The Minya Coptic Orthodox Diocese announced that at least four Christian homes in the village of Demshaw Hachem were attacked and looted last Friday by "extremists" who objected to the houses being used as churches.
"Extremists attacked Copts, stole quantities of jewelry and money, destroyed household appliances and set fire to property," the diocese's statement reads, according to AFP.
Those who attacked the homes were either residents of the village or came from nearby areas.
The attack came as the threats and reports of an attack on the Christian community had been rumored for several days.
Although the church informed authorities of the threat of a possible attack, the diocese statement explains that authorities only came to the Christians' aid after the attack occurred. As many as 38 suspects have reportedly been arrested in connection with the attack.
According to Middle East Eye, the diocese believes that the lack of proactive measures from authorities contributed to the impact of the attack.
"The likelihood of the recurrence of such attacks is very high, as long as the perpetrators are not punished," the diocese said.
As approximately 10 percent of the Egyptian population is Christian, Egypt currently ranks as the 17th worst nation in the world when it comes to Christian persecution, according to Open Doors USA's 2018 World Watch List.
In Egypt, Christians often face restrictions on building places of worship. When they do manage to gather for worship, Copts often face hostility.
Over the last few years, Coptic Christians have been subjected to numerous brutal attacks and church bombings carried by Islamic extremists.
A similar attack to the one that occured last Friday in Demshaw Hachem occurred in the nearby village of Ezbet Sultan Pasha weeks earlier.
According to World Watch Monitor, the first protest against Christians in Ezbet Sultan Pasha began on July 6 after rumors circulated that an application was submitted to build a church in the town.

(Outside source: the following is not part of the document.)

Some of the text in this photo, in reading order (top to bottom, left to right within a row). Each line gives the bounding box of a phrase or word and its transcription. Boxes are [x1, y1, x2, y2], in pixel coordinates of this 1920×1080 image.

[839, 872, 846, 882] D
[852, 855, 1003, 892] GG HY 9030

"The protesters were chanting slogans against us (Copts), such as 'We don't want a church in our village,'" Resident Hany Farouk told the persecution news outlet at the time. "We locked ourselves in our homes during the demonstration because we were afraid that they would attack us. Police didn't do anything to disperse the demonstrators and didn't arrest anyone of them."
Demonstrations against the Christians in the village would continue on July 7 without any police intervention. On July 13, an even bigger mob that also included residents from other villages began to throw bricks and projectiles at the church and a Coptic-owned house next door.

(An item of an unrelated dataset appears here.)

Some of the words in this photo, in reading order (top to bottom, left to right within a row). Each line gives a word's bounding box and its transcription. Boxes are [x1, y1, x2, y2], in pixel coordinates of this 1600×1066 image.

"They were shouting 'Allahu akbar' (Allah is the greatest) and chanting hostile slogans against Copts, such as: 'We will not allow any church to exist in our Muslim village,' 'We will not allow any other prayers to be held in our Muslim village except our prayers,'" Farouk was quoted as saying.

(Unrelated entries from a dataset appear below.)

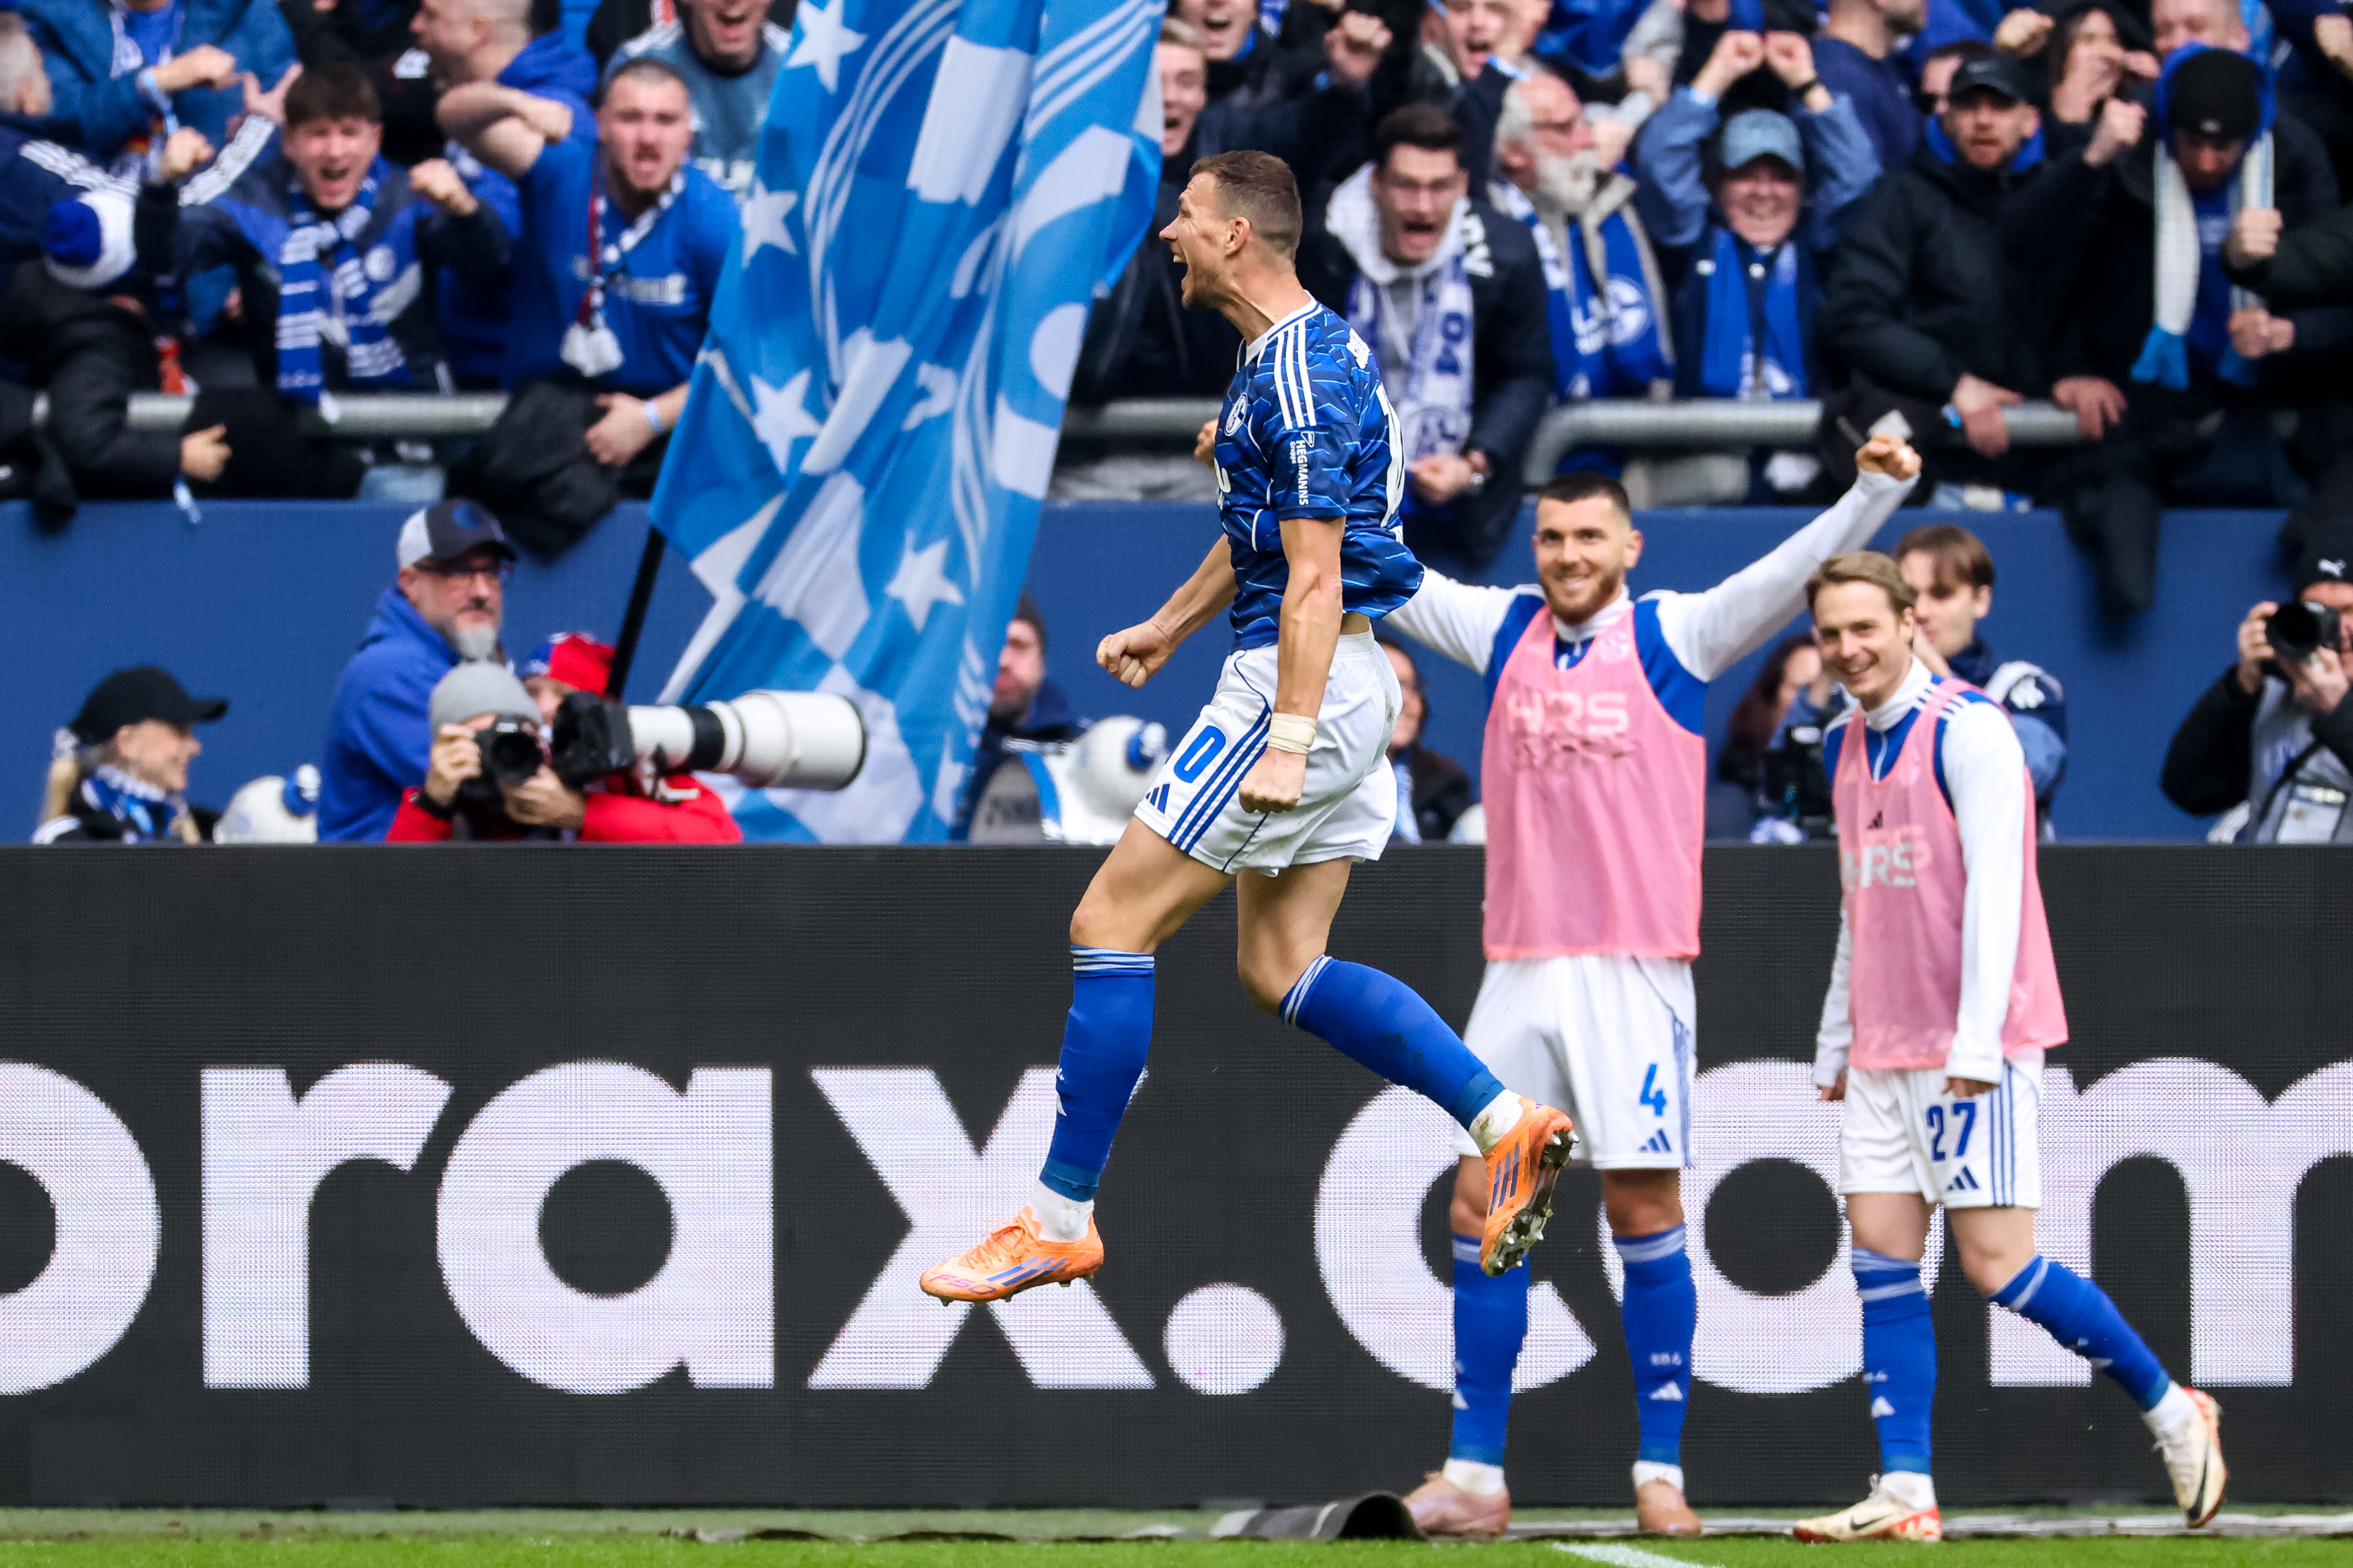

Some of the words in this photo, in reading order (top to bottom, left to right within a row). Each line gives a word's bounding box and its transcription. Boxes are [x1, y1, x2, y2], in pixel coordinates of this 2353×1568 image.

[1296, 440, 1309, 505] HEGMANNS
[1506, 692, 1629, 735] HRS
[1165, 725, 1226, 784] 0
[1640, 1063, 1667, 1116] 4
[1927, 1101, 1976, 1161] 27

Christians in the Luxor governate have also faced similar struggles. The diocese has seen at least eight churches close while seeking official recognition by the government, according to another World Watch Monitor report.
In August, the eighth church closed after villagers protested against the church building being recognized.
In May 2017, gunmen killed 28 people and injured 22 others when they opened fired on a convoy transporting Copts from Minya making a pilgrimage to the Monastery of Saint Samuel the Confessor.